Start of Data for the task

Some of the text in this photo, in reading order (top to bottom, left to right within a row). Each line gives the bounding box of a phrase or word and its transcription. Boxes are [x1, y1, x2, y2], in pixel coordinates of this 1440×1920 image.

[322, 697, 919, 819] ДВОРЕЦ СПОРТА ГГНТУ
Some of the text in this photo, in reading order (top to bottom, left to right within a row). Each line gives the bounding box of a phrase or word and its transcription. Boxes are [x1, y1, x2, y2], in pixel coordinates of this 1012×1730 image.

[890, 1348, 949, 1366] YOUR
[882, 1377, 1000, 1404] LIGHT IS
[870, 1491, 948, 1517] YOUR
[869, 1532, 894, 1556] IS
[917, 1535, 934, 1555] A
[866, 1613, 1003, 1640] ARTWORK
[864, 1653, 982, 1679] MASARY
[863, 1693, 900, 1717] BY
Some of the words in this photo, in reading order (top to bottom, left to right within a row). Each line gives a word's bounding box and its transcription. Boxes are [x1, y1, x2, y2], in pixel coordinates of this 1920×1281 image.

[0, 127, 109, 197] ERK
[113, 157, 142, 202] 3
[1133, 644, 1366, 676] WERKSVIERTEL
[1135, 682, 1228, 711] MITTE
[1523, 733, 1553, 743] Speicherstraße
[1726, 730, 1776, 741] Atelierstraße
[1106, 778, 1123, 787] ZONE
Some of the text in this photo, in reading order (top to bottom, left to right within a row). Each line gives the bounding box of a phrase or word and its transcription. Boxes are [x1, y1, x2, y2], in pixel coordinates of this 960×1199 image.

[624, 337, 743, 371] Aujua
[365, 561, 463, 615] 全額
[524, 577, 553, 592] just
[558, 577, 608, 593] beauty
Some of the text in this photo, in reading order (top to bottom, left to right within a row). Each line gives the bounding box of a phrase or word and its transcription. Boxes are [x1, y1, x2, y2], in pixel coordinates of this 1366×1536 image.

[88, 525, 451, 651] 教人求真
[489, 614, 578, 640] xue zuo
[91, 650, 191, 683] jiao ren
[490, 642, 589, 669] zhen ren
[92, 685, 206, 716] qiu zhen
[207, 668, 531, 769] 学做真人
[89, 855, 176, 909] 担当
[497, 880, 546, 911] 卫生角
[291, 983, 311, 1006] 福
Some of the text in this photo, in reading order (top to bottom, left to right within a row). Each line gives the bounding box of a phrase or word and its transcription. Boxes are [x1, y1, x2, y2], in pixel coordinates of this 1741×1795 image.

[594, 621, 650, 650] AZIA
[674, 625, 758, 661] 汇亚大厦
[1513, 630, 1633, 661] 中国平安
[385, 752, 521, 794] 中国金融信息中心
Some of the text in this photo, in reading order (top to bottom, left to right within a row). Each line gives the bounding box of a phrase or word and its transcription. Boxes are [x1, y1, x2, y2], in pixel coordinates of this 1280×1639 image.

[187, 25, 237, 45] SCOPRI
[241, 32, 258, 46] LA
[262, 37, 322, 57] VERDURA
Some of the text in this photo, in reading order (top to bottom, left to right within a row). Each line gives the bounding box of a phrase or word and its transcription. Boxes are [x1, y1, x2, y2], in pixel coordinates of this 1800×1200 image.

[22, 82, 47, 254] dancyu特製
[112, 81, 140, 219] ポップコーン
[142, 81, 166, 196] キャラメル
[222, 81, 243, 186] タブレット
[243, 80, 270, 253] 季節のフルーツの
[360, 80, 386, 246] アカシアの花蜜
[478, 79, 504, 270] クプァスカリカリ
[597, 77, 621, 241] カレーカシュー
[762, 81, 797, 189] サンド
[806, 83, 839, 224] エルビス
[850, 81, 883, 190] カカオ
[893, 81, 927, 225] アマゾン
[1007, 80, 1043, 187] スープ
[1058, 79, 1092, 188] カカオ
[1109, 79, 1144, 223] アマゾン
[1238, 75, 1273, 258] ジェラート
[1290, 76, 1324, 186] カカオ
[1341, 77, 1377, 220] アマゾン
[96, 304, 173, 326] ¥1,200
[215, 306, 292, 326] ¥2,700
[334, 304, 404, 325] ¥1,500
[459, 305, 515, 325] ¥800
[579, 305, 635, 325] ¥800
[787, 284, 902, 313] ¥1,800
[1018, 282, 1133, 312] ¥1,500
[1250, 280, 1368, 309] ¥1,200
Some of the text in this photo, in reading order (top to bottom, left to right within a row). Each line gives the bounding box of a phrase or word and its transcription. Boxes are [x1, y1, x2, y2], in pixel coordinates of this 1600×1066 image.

End of Data for the task

What to work on>
This exercise requires the entries above to be restated exactly.

Written response>
Some of the text in this photo, in reading order (top to bottom, left to right within a row). Each line gives the bounding box of a phrase or word and its transcription. Boxes are [x1, y1, x2, y2], in pixel coordinates of this 1440×1920 image.

[322, 697, 919, 819] ДВОРЕЦ СПОРТА ГГНТУ
Some of the text in this photo, in reading order (top to bottom, left to right within a row). Each line gives the bounding box of a phrase or word and its transcription. Boxes are [x1, y1, x2, y2], in pixel coordinates of this 1012×1730 image.

[890, 1348, 949, 1366] YOUR
[882, 1377, 1000, 1404] LIGHT IS
[870, 1491, 948, 1517] YOUR
[869, 1532, 894, 1556] IS
[917, 1535, 934, 1555] A
[866, 1613, 1003, 1640] ARTWORK
[864, 1653, 982, 1679] MASARY
[863, 1693, 900, 1717] BY
Some of the words in this photo, in reading order (top to bottom, left to right within a row). Each line gives a word's bounding box and its transcription. Boxes are [x1, y1, x2, y2], in pixel coordinates of this 1920×1281 image.

[0, 127, 109, 197] ERK
[113, 157, 142, 202] 3
[1133, 644, 1366, 676] WERKSVIERTEL
[1135, 682, 1228, 711] MITTE
[1523, 733, 1553, 743] Speicherstraße
[1726, 730, 1776, 741] Atelierstraße
[1106, 778, 1123, 787] ZONE
Some of the text in this photo, in reading order (top to bottom, left to right within a row). Each line gives the bounding box of a phrase or word and its transcription. Boxes are [x1, y1, x2, y2], in pixel coordinates of this 960×1199 image.

[624, 337, 743, 371] Aujua
[365, 561, 463, 615] 全額
[524, 577, 553, 592] just
[558, 577, 608, 593] beauty
Some of the text in this photo, in reading order (top to bottom, left to right within a row). Each line gives the bounding box of a phrase or word and its transcription. Boxes are [x1, y1, x2, y2], in pixel coordinates of this 1366×1536 image.

[88, 525, 451, 651] 教人求真
[489, 614, 578, 640] xue zuo
[91, 650, 191, 683] jiao ren
[490, 642, 589, 669] zhen ren
[92, 685, 206, 716] qiu zhen
[207, 668, 531, 769] 学做真人
[89, 855, 176, 909] 担当
[497, 880, 546, 911] 卫生角
[291, 983, 311, 1006] 福
Some of the text in this photo, in reading order (top to bottom, left to right within a row). Each line gives the bounding box of a phrase or word and its transcription. Boxes are [x1, y1, x2, y2], in pixel coordinates of this 1741×1795 image.

[594, 621, 650, 650] AZIA
[674, 625, 758, 661] 汇亚大厦
[1513, 630, 1633, 661] 中国平安
[385, 752, 521, 794] 中国金融信息中心
Some of the text in this photo, in reading order (top to bottom, left to right within a row). Each line gives the bounding box of a phrase or word and its transcription. Boxes are [x1, y1, x2, y2], in pixel coordinates of this 1280×1639 image.

[187, 25, 237, 45] SCOPRI
[241, 32, 258, 46] LA
[262, 37, 322, 57] VERDURA
Some of the text in this photo, in reading order (top to bottom, left to right within a row). Each line gives the bounding box of a phrase or word and its transcription. Boxes are [x1, y1, x2, y2], in pixel coordinates of this 1800×1200 image.

[22, 82, 47, 254] dancyu特製
[112, 81, 140, 219] ポップコーン
[142, 81, 166, 196] キャラメル
[222, 81, 243, 186] タブレット
[243, 80, 270, 253] 季節のフルーツの
[360, 80, 386, 246] アカシアの花蜜
[478, 79, 504, 270] クプァスカリカリ
[597, 77, 621, 241] カレーカシュー
[762, 81, 797, 189] サンド
[806, 83, 839, 224] エルビス
[850, 81, 883, 190] カカオ
[893, 81, 927, 225] アマゾン
[1007, 80, 1043, 187] スープ
[1058, 79, 1092, 188] カカオ
[1109, 79, 1144, 223] アマゾン
[1238, 75, 1273, 258] ジェラート
[1290, 76, 1324, 186] カカオ
[1341, 77, 1377, 220] アマゾン
[96, 304, 173, 326] ¥1,200
[215, 306, 292, 326] ¥2,700
[334, 304, 404, 325] ¥1,500
[459, 305, 515, 325] ¥800
[579, 305, 635, 325] ¥800
[787, 284, 902, 313] ¥1,800
[1018, 282, 1133, 312] ¥1,500
[1250, 280, 1368, 309] ¥1,200
Some of the text in this photo, in reading order (top to bottom, left to right within a row). Each line gives the bounding box of a phrase or word and its transcription. Boxes are [x1, y1, x2, y2], in pixel coordinates of this 1600×1066 image.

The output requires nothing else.